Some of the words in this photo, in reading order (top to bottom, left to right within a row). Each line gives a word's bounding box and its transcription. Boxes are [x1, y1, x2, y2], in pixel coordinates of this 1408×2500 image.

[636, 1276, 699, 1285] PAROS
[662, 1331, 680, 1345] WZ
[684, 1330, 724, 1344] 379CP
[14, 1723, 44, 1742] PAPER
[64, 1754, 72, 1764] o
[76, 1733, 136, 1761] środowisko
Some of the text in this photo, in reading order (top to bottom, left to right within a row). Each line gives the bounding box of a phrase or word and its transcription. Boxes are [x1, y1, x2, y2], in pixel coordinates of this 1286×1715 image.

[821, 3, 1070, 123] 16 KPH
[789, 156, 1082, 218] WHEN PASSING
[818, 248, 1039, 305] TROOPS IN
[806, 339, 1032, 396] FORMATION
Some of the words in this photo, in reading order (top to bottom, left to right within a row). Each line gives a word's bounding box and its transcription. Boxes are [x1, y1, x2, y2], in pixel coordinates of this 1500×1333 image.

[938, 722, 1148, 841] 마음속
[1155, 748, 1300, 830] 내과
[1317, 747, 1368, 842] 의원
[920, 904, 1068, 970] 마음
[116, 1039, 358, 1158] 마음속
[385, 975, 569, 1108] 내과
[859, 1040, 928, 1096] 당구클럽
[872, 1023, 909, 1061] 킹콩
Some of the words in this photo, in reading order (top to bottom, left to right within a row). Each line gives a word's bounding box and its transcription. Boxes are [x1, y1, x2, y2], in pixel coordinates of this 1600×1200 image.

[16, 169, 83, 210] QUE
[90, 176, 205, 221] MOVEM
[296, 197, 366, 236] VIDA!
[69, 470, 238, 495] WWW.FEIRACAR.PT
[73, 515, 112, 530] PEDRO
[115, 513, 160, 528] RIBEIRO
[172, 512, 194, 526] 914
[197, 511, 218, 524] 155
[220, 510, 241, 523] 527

### Exercise objective
Each and every record above needs writing out exactly.

### Reply
Some of the words in this photo, in reading order (top to bottom, left to right within a row). Each line gives a word's bounding box and its transcription. Boxes are [x1, y1, x2, y2], in pixel coordinates of this 1408×2500 image.

[636, 1276, 699, 1285] PAROS
[662, 1331, 680, 1345] WZ
[684, 1330, 724, 1344] 379CP
[14, 1723, 44, 1742] PAPER
[64, 1754, 72, 1764] o
[76, 1733, 136, 1761] środowisko
Some of the text in this photo, in reading order (top to bottom, left to right within a row). Each line gives the bounding box of a phrase or word and its transcription. Boxes are [x1, y1, x2, y2], in pixel coordinates of this 1286×1715 image.

[821, 3, 1070, 123] 16 KPH
[789, 156, 1082, 218] WHEN PASSING
[818, 248, 1039, 305] TROOPS IN
[806, 339, 1032, 396] FORMATION
Some of the words in this photo, in reading order (top to bottom, left to right within a row). Each line gives a word's bounding box and its transcription. Boxes are [x1, y1, x2, y2], in pixel coordinates of this 1500×1333 image.

[938, 722, 1148, 841] 마음속
[1155, 748, 1300, 830] 내과
[1317, 747, 1368, 842] 의원
[920, 904, 1068, 970] 마음
[116, 1039, 358, 1158] 마음속
[385, 975, 569, 1108] 내과
[859, 1040, 928, 1096] 당구클럽
[872, 1023, 909, 1061] 킹콩
Some of the words in this photo, in reading order (top to bottom, left to right within a row). Each line gives a word's bounding box and its transcription. Boxes are [x1, y1, x2, y2], in pixel coordinates of this 1600×1200 image.

[16, 169, 83, 210] QUE
[90, 176, 205, 221] MOVEM
[296, 197, 366, 236] VIDA!
[69, 470, 238, 495] WWW.FEIRACAR.PT
[73, 515, 112, 530] PEDRO
[115, 513, 160, 528] RIBEIRO
[172, 512, 194, 526] 914
[197, 511, 218, 524] 155
[220, 510, 241, 523] 527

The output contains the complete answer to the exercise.